Wiring problems — If your heating system is well-maintained but keeps tripping the breaker or blowing a fuse, this could be a problem with the electrical wiring. Before you resort to a DIY solution, keep in mind that unauthorized repairs are hazardous and may void your HVAC system’s warranty coverage. Unless you’re a licensed electrician yourself, it’s best to leave electrical and air conditioning repair to the pros.
Worn-out parts — Modern heating systems have components that can detect problems with certain components. Old electric furnaces, on the other hand, are less sophisticated, which means worn-out parts that cause electrical failure can be hard to identify. You may hear noises coming from the furnace, which can indicate problems with the transformer, blower motor or starting capacitor. As with wiring problems, identifying and replacing worn-out parts are best left to licensed professionals. If your furnace is far too old to have warranty coverage, consider replacing it with a more efficient option.

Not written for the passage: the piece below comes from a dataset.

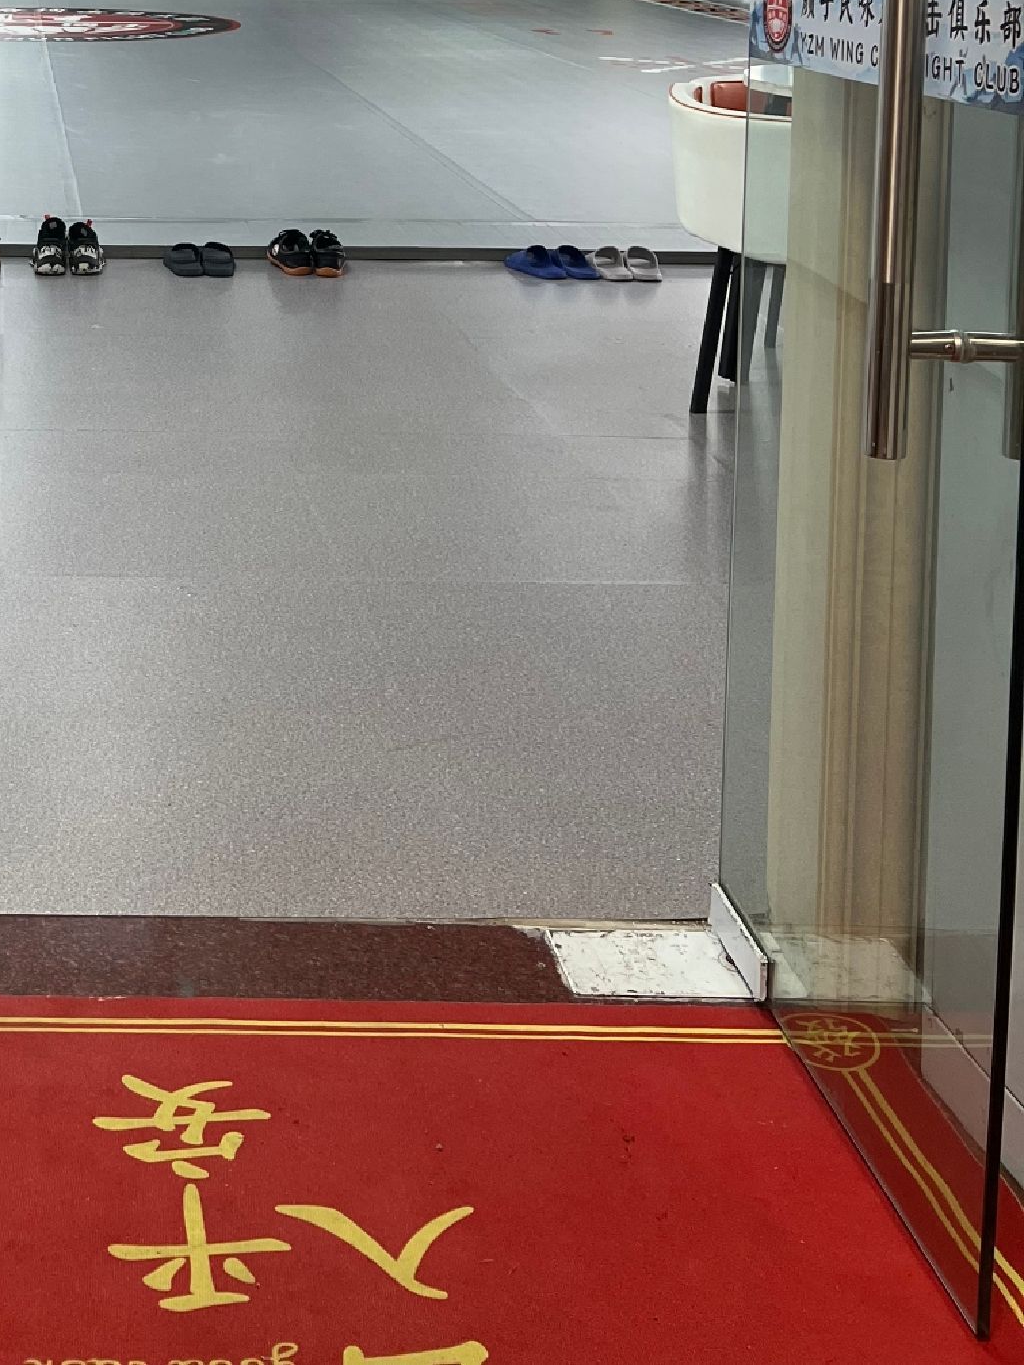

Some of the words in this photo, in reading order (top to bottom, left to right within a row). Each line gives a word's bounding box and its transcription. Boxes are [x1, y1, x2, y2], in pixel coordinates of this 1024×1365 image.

[830, 37, 864, 65] WING
[924, 54, 965, 87] IGHT
[973, 61, 1020, 94] CLUB

An undersized heating system — The heating system may be too small for the space it’s trying to heat, which means it would be redlining all the time just to provide basic heating, resulting in frequent electrical overload. This is sometimes due to a miscalculation by an inexperienced HVAC technician, or perhaps the homeowner kept the same HVAC system after having a home addition installed. Either way, the solution would be to replace the heating system with a different one with a higher capacity.